### Brief
Only the words of the entries are wanted, repeated exactly and without images.

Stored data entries
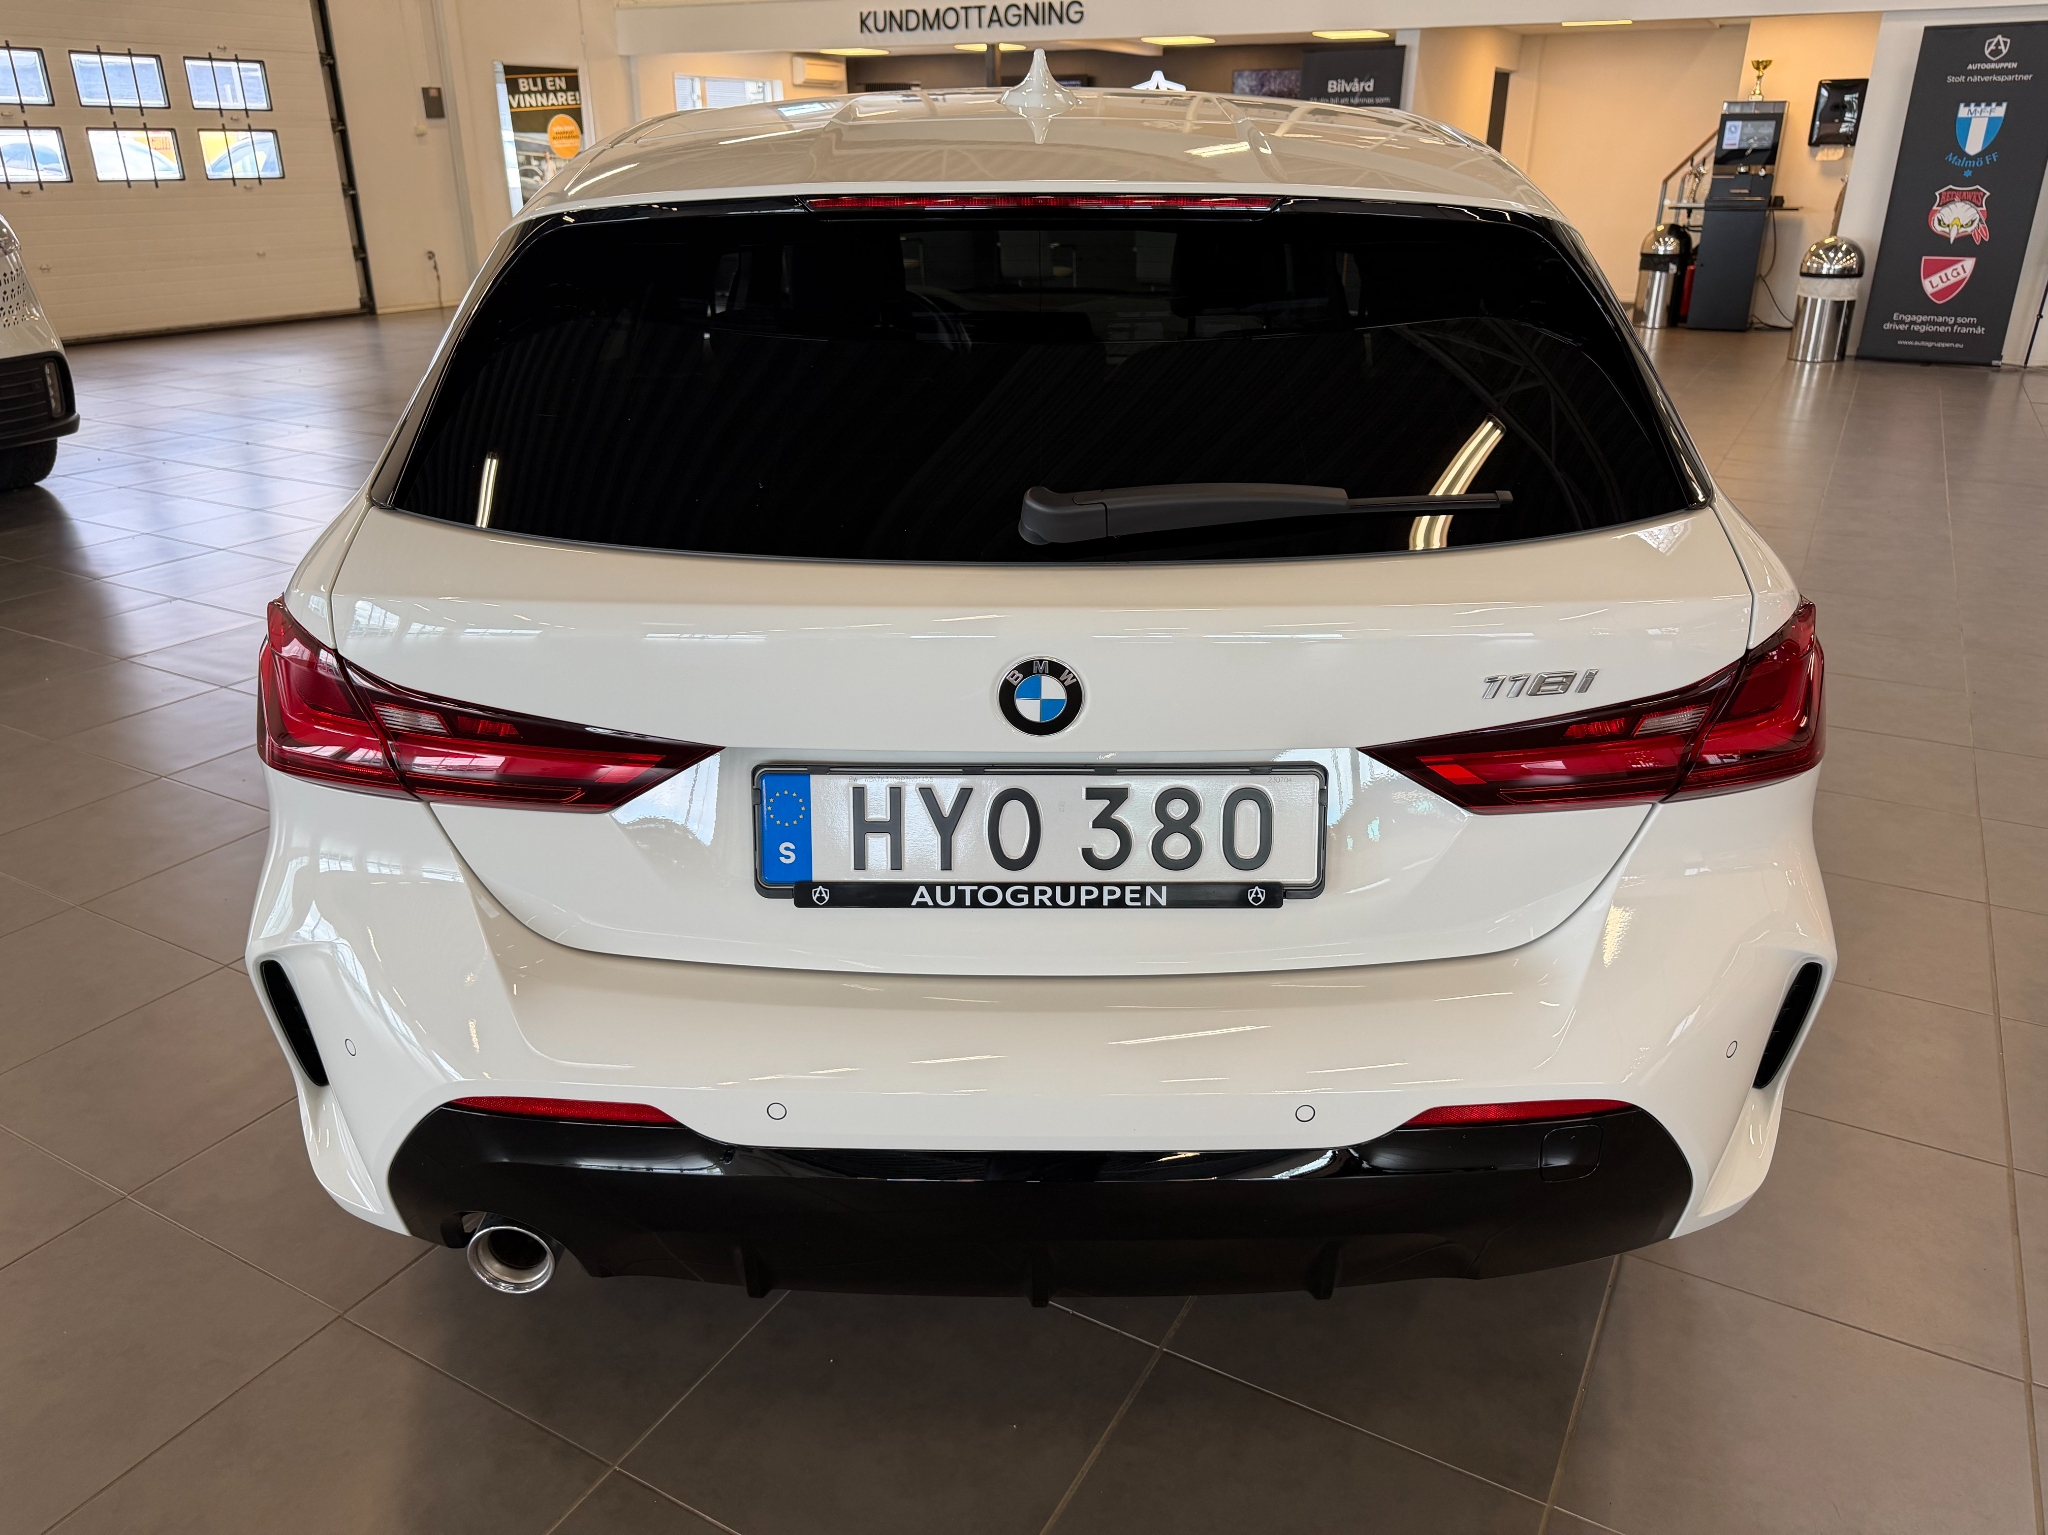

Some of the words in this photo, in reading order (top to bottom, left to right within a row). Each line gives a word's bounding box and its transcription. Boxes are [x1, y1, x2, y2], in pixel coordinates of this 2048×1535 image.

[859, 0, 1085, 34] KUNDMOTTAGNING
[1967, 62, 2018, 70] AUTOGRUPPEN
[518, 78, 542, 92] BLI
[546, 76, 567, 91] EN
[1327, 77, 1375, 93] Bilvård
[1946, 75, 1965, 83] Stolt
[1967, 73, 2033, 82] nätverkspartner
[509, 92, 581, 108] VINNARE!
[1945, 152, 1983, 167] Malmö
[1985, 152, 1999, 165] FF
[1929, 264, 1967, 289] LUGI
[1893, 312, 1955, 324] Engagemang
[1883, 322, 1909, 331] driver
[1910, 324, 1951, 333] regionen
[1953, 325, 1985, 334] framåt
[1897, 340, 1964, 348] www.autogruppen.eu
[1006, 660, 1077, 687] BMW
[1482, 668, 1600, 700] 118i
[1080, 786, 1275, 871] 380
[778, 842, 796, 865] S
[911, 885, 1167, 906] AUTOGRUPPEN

### The completed task
Some of the words in this photo, in reading order (top to bottom, left to right within a row). Each line gives a word's bounding box and its transcription. Boxes are [x1, y1, x2, y2], in pixel coordinates of this 2048×1535 image.

[859, 0, 1085, 34] KUNDMOTTAGNING
[1967, 62, 2018, 70] AUTOGRUPPEN
[518, 78, 542, 92] BLI
[546, 76, 567, 91] EN
[1327, 77, 1375, 93] Bilvård
[1946, 75, 1965, 83] Stolt
[1967, 73, 2033, 82] nätverkspartner
[509, 92, 581, 108] VINNARE!
[1945, 152, 1983, 167] Malmö
[1985, 152, 1999, 165] FF
[1929, 264, 1967, 289] LUGI
[1893, 312, 1955, 324] Engagemang
[1883, 322, 1909, 331] driver
[1910, 324, 1951, 333] regionen
[1953, 325, 1985, 334] framåt
[1897, 340, 1964, 348] www.autogruppen.eu
[1006, 660, 1077, 687] BMW
[1482, 668, 1600, 700] 118i
[1080, 786, 1275, 871] 380
[778, 842, 796, 865] S
[911, 885, 1167, 906] AUTOGRUPPEN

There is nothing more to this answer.